### Requirement
The entries need to be copied exactly as they stand, images left out.
== Segment start ==
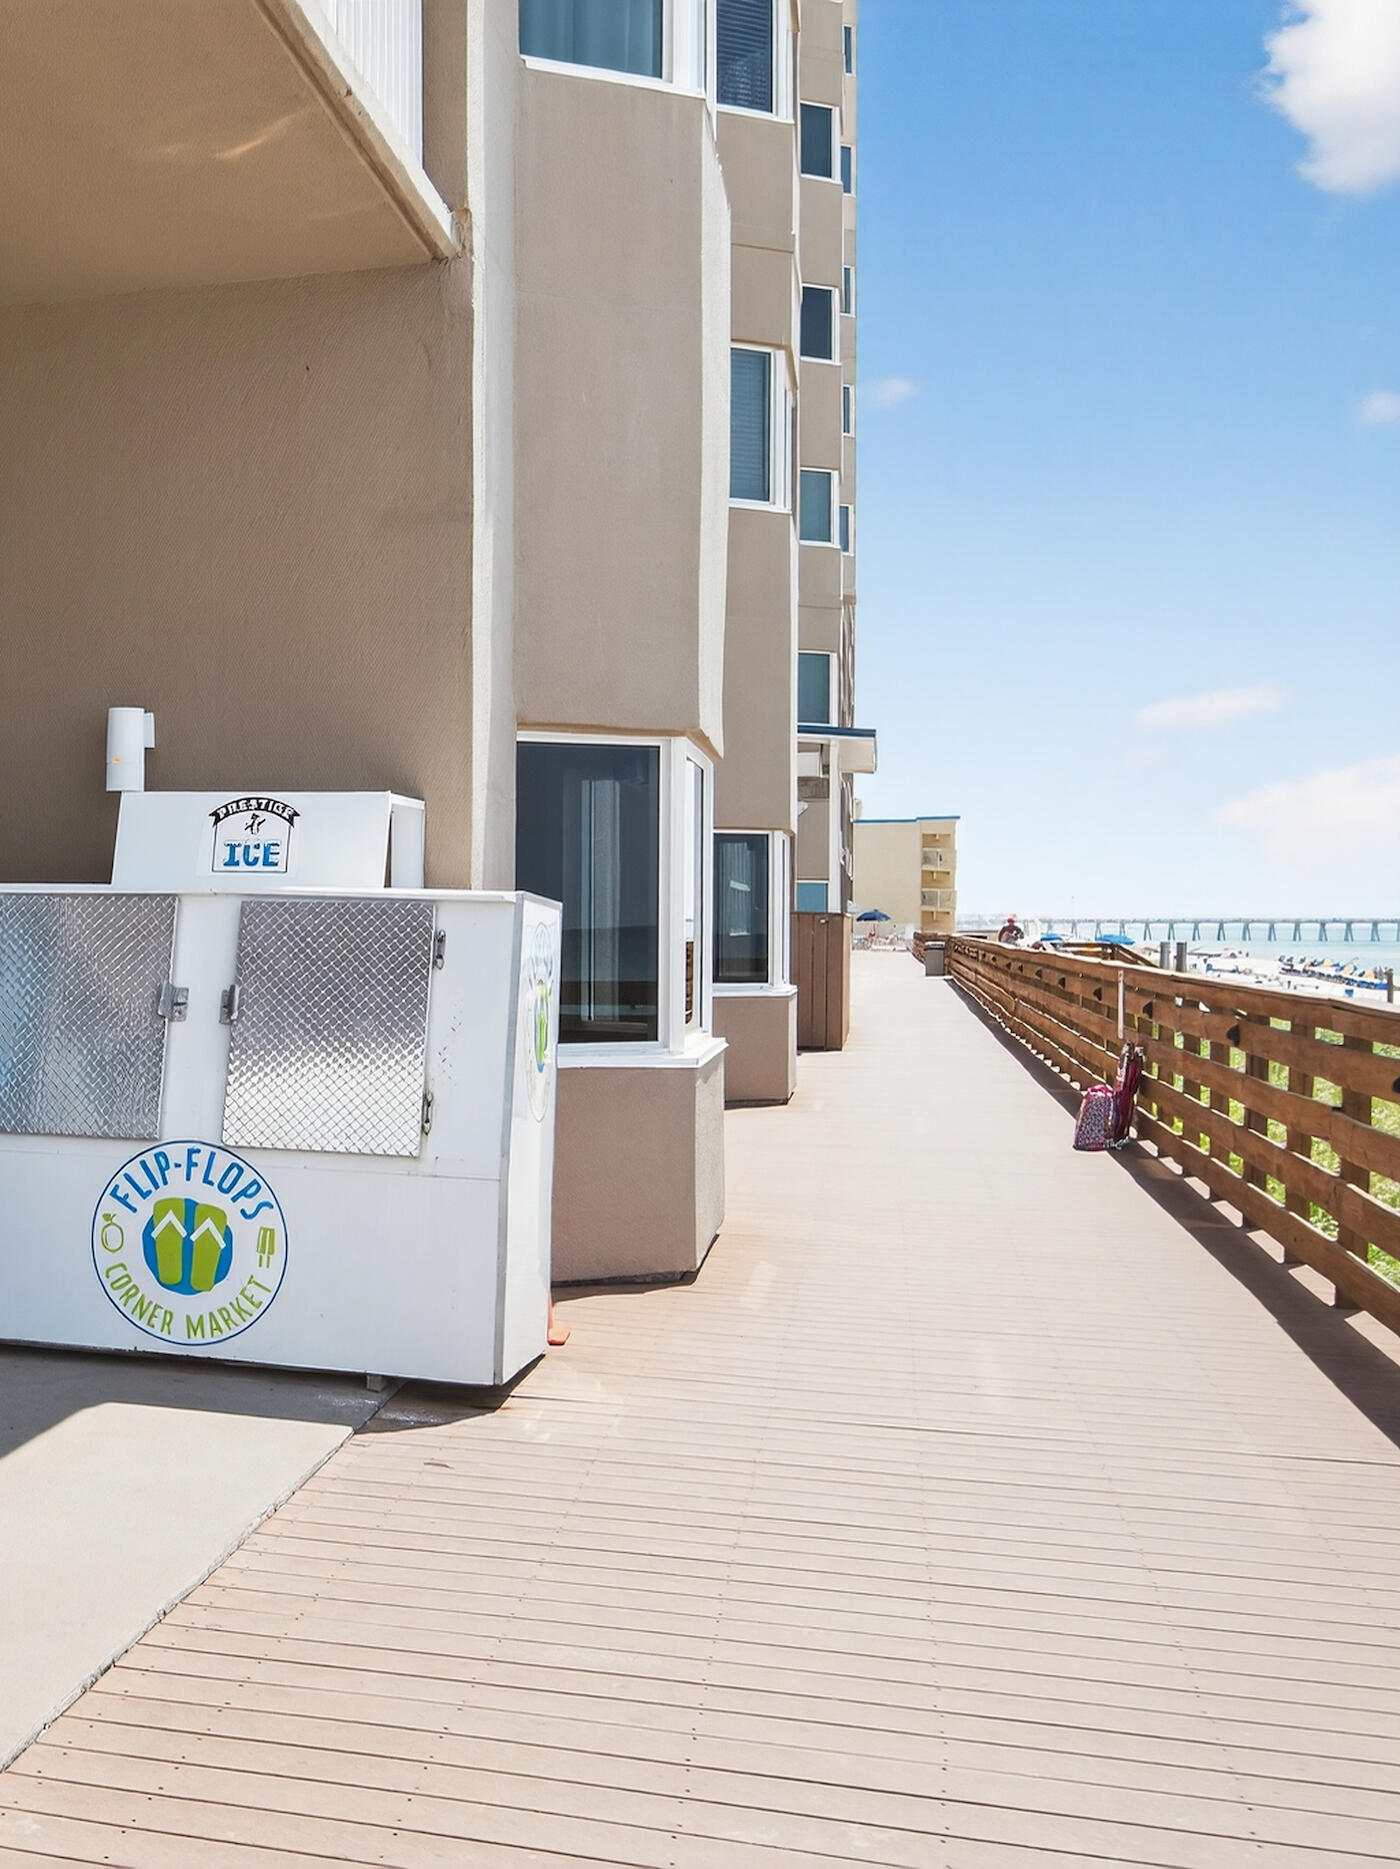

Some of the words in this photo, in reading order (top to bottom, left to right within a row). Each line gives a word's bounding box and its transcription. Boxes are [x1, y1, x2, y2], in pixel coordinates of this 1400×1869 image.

[223, 841, 280, 867] ICE
[109, 1147, 274, 1221] FLIP-FLOPS
[104, 1261, 174, 1338] CORNER
[185, 1275, 273, 1340] MARKET
== Segment end ==
### Written solution
Some of the words in this photo, in reading order (top to bottom, left to right within a row). Each line gives a word's bounding box and its transcription. Boxes are [x1, y1, x2, y2], in pixel coordinates of this 1400×1869 image.

[223, 841, 280, 867] ICE
[109, 1147, 274, 1221] FLIP-FLOPS
[104, 1261, 174, 1338] CORNER
[185, 1275, 273, 1340] MARKET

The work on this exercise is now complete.